> [Problem details]: The expected result is the full listing, retyped exactly, without a single picture.

--

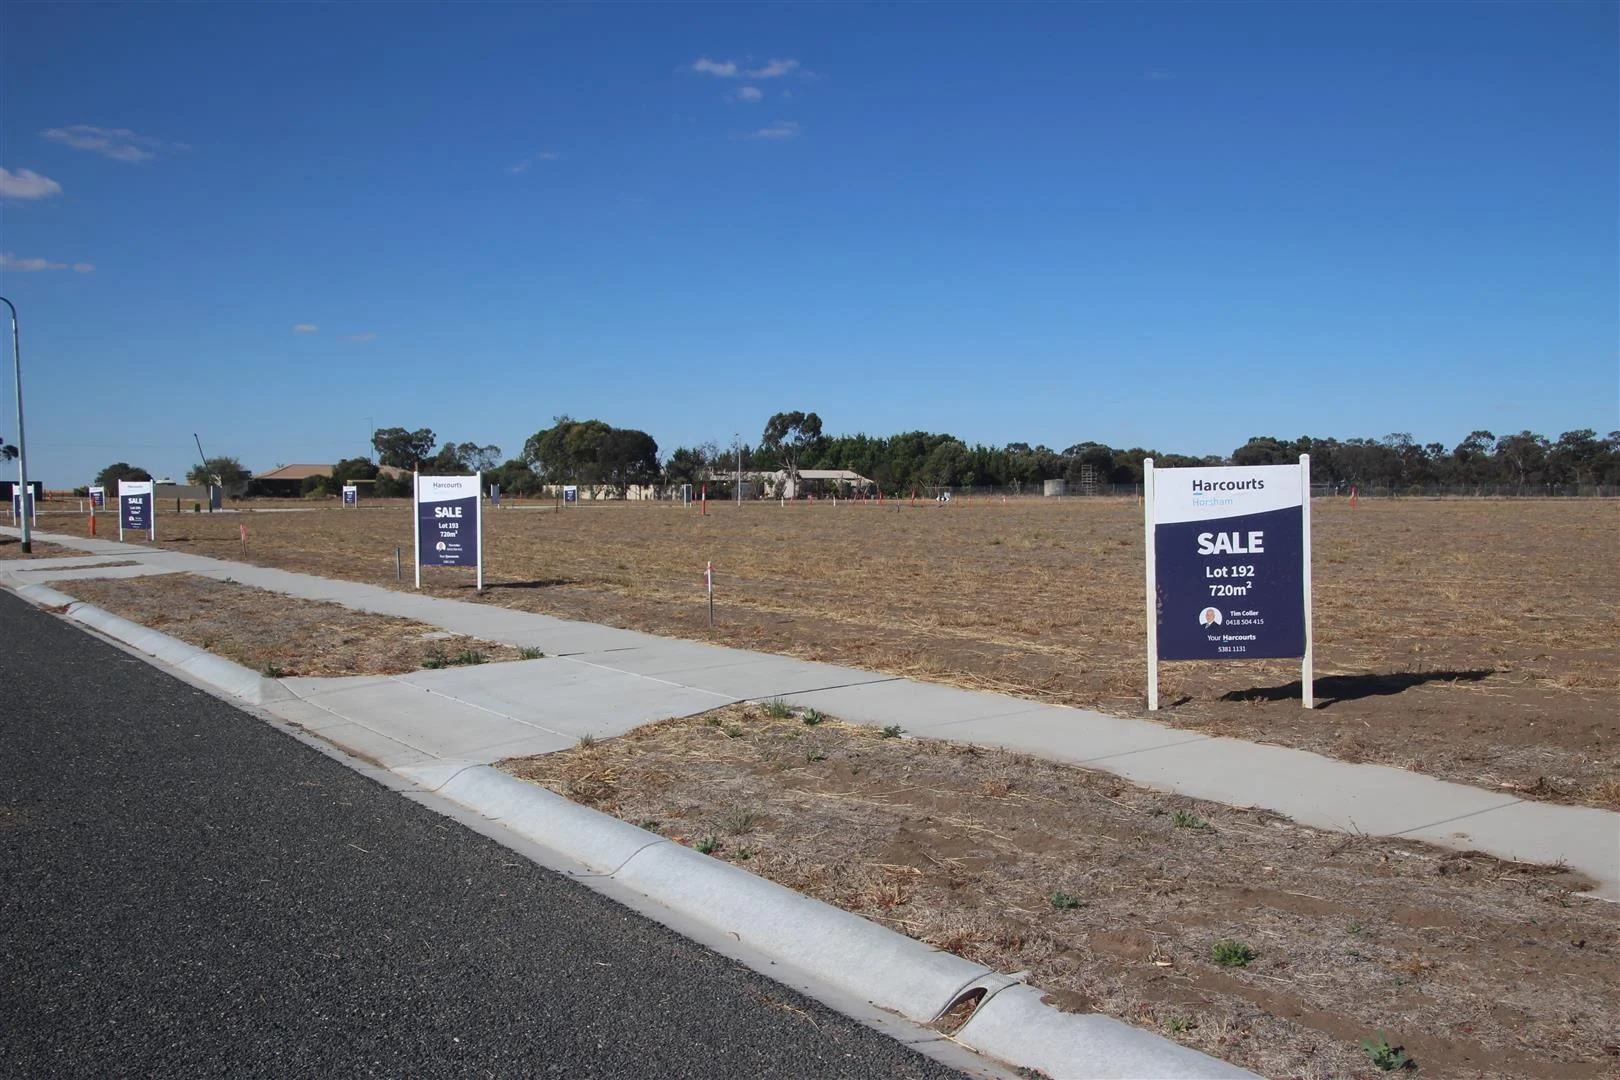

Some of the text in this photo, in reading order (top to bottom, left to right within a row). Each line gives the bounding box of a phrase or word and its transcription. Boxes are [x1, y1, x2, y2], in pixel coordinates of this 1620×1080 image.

[1192, 479, 1265, 492] Harcourts
[128, 497, 143, 505] SALE
[1192, 498, 1233, 507] Horsham
[434, 506, 463, 518] SALE
[1197, 531, 1265, 555] SALE
[1206, 565, 1255, 578] Lot 192
[1209, 581, 1252, 596] 720m²

--

> [Result below]:
Some of the text in this photo, in reading order (top to bottom, left to right within a row). Each line gives the bounding box of a phrase or word and its transcription. Boxes are [x1, y1, x2, y2], in pixel coordinates of this 1620×1080 image.

[1192, 479, 1265, 492] Harcourts
[128, 497, 143, 505] SALE
[1192, 498, 1233, 507] Horsham
[434, 506, 463, 518] SALE
[1197, 531, 1265, 555] SALE
[1206, 565, 1255, 578] Lot 192
[1209, 581, 1252, 596] 720m²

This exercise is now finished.